The origin function is unlike most other functions in that it does not operate on the values of variables; it tells you something about a variable. Specifically, it tells you where it came from.

The syntax of the origin function is:

 
$(origin variable)

Note that variable is the name of a variable to inquire about; not a reference to that variable. Therefore you would not normally use a `$' or parentheses when writing it. (You can, however, use a variable reference in the name if you want the name not to be a constant.)

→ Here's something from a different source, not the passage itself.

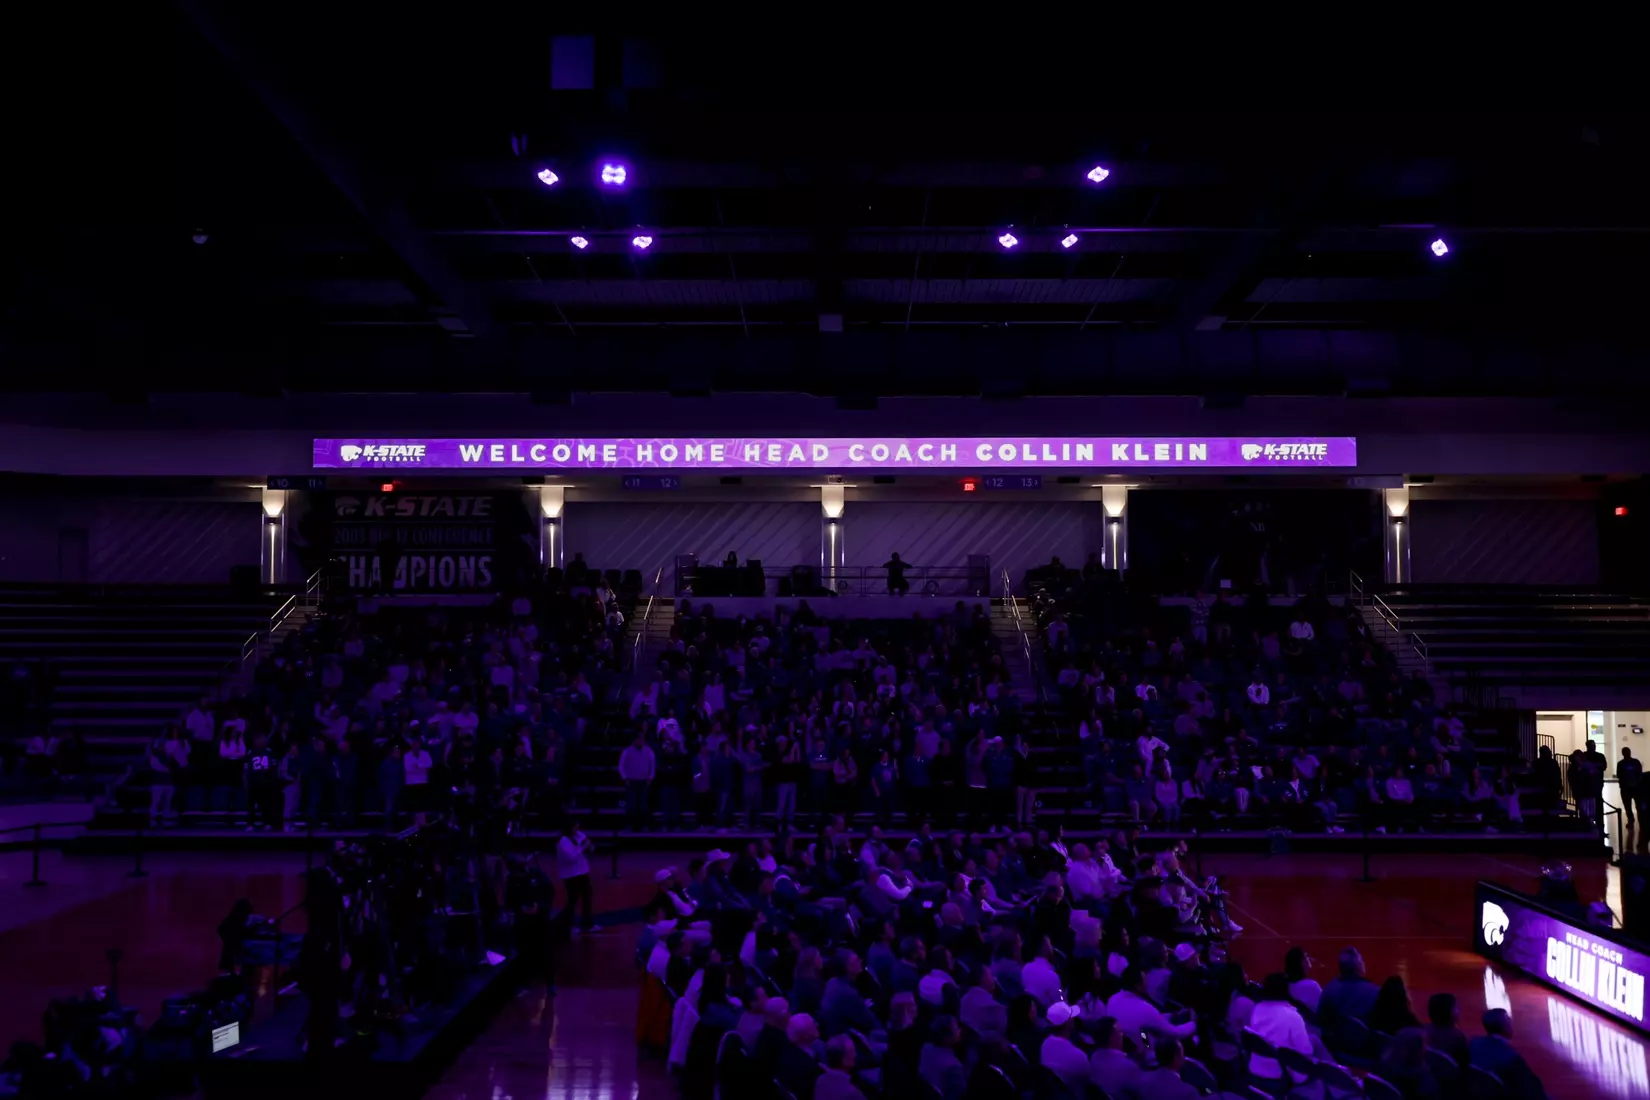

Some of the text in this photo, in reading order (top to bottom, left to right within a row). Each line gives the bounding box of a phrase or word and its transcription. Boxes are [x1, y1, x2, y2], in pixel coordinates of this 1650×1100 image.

The result of this function is a string telling you how the variable variable was defined:

`undefined'

if variable was never defined.

`default'

if variable has a default definition, as is usual with CC and so on. See section Variables Used by Implicit Rules. Note that if you have redefined a default variable, the origin function will return the origin of the later definition.

`environment'

if variable was defined as an environment variable and the `-e' option is not turned on (see section Summary of Options).

`environment override'

if variable was defined as an environment variable and the `-e' option is turned on (see section Summary of Options).

`file'

if variable was defined in a makefile.

`command line'

if variable was defined on the command line.

`override'

if variable was defined with an override directive in a makefile (see section The override Directive).

`automatic'

if variable is an automatic variable defined for the execution of the commands for each rule (see section Automatic Variables).

This information is primarily useful (other than for your curiosity) to determine if you want to believe the value of a variable. For example, suppose you have a makefile `foo' that includes another makefile `bar'. You want a variable bletch to be defined in `bar' if you run the command `make -f bar', even if the environment contains a definition of bletch. However, if `foo' defined bletch before including `bar', you do not want to override that definition. This could be done by using an override directive in `foo', giving that definition precedence over the later definition in `bar'; unfortunately, the override directive would also override any command line definitions. So, `bar' could include:

 
ifdef bletch
ifeq "$(origin bletch)" "environment"
bletch = barf, gag, etc.
endif
endif

If bletch has been defined from the environment, this will redefine it.

If you want to override a previous definition of bletch if it came from the environment, even under `-e', you could instead write:

 
ifneq "$(findstring environment,$(origin bletch))" ""
bletch = barf, gag, etc.
endif

Here the redefinition takes place if `$(origin bletch)' returns either `environment' or `environment override'. See section Functions for String Substitution and Analysis.